Your objective
After locating the line that contains "this 2212×1659 image.", restate it and each later line word for word through the end of the records.

Data for the task
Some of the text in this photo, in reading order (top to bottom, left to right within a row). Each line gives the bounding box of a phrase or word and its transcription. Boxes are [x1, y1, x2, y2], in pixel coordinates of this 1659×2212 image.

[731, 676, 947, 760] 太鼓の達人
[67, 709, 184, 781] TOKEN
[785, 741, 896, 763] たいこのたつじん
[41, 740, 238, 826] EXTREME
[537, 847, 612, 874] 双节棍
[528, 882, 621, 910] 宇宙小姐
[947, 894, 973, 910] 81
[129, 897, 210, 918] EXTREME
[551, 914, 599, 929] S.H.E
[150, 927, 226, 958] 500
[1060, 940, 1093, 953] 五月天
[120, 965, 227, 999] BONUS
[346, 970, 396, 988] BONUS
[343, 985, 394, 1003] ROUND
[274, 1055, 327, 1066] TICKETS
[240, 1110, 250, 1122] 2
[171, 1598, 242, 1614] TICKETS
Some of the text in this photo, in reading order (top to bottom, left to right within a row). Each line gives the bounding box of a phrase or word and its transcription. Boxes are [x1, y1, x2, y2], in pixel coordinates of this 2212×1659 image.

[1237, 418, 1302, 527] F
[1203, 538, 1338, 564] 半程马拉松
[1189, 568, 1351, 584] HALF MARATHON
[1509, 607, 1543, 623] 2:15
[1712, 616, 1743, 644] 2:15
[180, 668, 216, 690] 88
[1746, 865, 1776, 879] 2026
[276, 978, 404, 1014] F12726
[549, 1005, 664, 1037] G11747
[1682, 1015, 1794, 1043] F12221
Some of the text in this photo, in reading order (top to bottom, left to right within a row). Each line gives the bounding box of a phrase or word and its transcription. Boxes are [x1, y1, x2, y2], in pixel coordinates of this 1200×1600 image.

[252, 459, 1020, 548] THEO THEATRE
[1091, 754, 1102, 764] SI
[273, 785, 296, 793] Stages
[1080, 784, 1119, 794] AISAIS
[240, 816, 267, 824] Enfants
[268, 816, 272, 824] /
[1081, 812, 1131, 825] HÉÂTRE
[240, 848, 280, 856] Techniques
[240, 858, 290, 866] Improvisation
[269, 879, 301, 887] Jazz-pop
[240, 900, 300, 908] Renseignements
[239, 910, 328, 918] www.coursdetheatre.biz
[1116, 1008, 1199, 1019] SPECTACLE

Solved problem
Some of the text in this photo, in reading order (top to bottom, left to right within a row). Each line gives the bounding box of a phrase or word and its transcription. Boxes are [x1, y1, x2, y2], in pixel coordinates of this 2212×1659 image.

[1237, 418, 1302, 527] F
[1203, 538, 1338, 564] 半程马拉松
[1189, 568, 1351, 584] HALF MARATHON
[1509, 607, 1543, 623] 2:15
[1712, 616, 1743, 644] 2:15
[180, 668, 216, 690] 88
[1746, 865, 1776, 879] 2026
[276, 978, 404, 1014] F12726
[549, 1005, 664, 1037] G11747
[1682, 1015, 1794, 1043] F12221
Some of the text in this photo, in reading order (top to bottom, left to right within a row). Each line gives the bounding box of a phrase or word and its transcription. Boxes are [x1, y1, x2, y2], in pixel coordinates of this 1200×1600 image.

[252, 459, 1020, 548] THEO THEATRE
[1091, 754, 1102, 764] SI
[273, 785, 296, 793] Stages
[1080, 784, 1119, 794] AISAIS
[240, 816, 267, 824] Enfants
[268, 816, 272, 824] /
[1081, 812, 1131, 825] HÉÂTRE
[240, 848, 280, 856] Techniques
[240, 858, 290, 866] Improvisation
[269, 879, 301, 887] Jazz-pop
[240, 900, 300, 908] Renseignements
[239, 910, 328, 918] www.coursdetheatre.biz
[1116, 1008, 1199, 1019] SPECTACLE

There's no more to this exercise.